Fig. 4. Computer-aided design of tRNA abundances for quantitative control of synthetic organisms encoded by fail-safe genomes.

A Computationally designed fail-safe E. coli engineered to have only 20 sense codons (adapted from Calles et al. under a Creative Commons CC BY license); white boxes represent sense codons. B Reduced tRNA abundance distributions produced by CD-CAD that enable the fastest elongation or slowest elongation compared to the wild-type distribution (color bar, percentages). C The fraction of cognate tRNA per codon, with each codon represented by its relative usage in the transcriptome, for the reduced tRNA abundance distribution that enables the fastest elongation. D Per-transcript elongation latency distribution for the reduced tRNA abundance distribution that enables the fastest elongation (green) vs. wild-type (purple). E, F are the same as (C, D) but for the reduced tRNA abundance distribution that enables the slowest elongation (red). Source data are provided via a Zenodo repository (10.5281/zenodo.7953836).

Fig. 5. Experimental construction and validation of CAD-engineered tRNA abundances in a synthetic system expressing a fail-safe encoded gene.
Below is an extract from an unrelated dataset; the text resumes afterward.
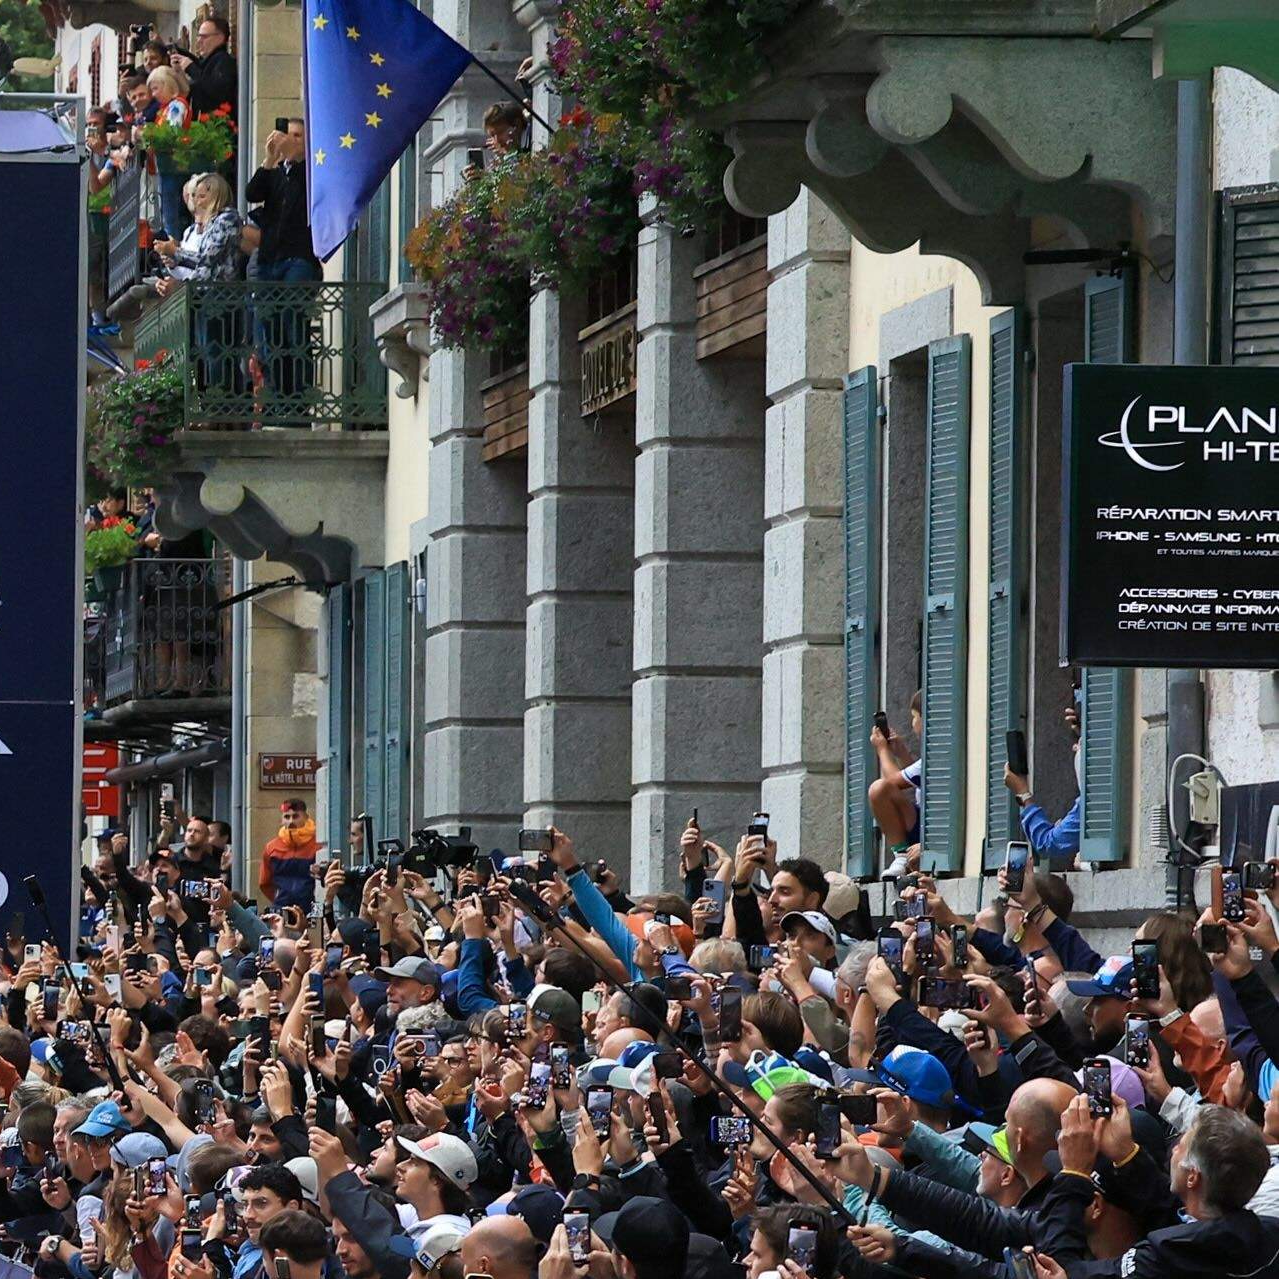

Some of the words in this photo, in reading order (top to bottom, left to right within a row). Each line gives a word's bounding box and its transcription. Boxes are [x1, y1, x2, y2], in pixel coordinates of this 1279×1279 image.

A Schematic overview of TINA with CD-CAD. We designed synthetic tRNA sequences that we sourced via direct RNA synthesis. We used CD-CAD to design tRNA abundance distributions and combined our synthetic tRNA as specified. We built in vitro translation systems by supplementing PUREΔtRNA with synthetic tRNA distributions plus synthetic initiator tRNA. Colors and color bars represent concentration of each tRNA species per reaction mixture. Icons adapted with permission from The Noun Project under a Creative Commons CC BY license. B CD-CAD specified tRNA distributions optimized for faster (synFast, above) and slower (synSlow, below) translation of RED20-encoded GFP. Color bars represent concentration of each tRNA species per reaction mixture. (C–K) Experimental data from tRNA batch #1 (C–E, n = 3 technical replicates), tRNA batch #2 (F–H, n = 4 technical replicates), and tRNA batch #3 (I–K, n = 5 technical replicates). Protein expression for three tRNA distributions is measured and analyzed: synFast (green), synSlow (orange), and uniform (blue, I–K only) along with a negative control, PUREΔtRNA (black, labeled as (-)). Colors are used consistently across (C–K). Traces of GFP fluorescence over time (C, F, I), numerically computed derivatives of these traces (D, G, J) and calculated protein synthesis rates (E, H, K). In (C, F, I), solid lines represent the mean trace across replicates for each distribution. Shaded regions represent the 95% confidence interval in the estimate of the mean across replicates within each condition. Dashed lines represent the mean of traces individually smoothed with a Gaussian filter (see “Methods”). In (D, G, J), solid lines represent the mean of smoothed derivatives across replicates for each distribution. Shaded regions represent the 95% confidence interval in the estimate of the mean. In (E, H, K), error bars represent 95% confidence interval in the estimate of the mean and colors bars are mean values; colored dashed vertical lines are CD-CAD predicted rates. Solid black lines with labels show statistical significance (n.s. is not significant, *p < 0.05, **p < 0.01); one-sided Kolmogorov–Smirnov (KS) tests used for comparing synFast to all others, and a two-sided KS test used for comparing synSlow to Uniform. Source data are provided via a Zenodo repository (10.5281/zenodo.7953836).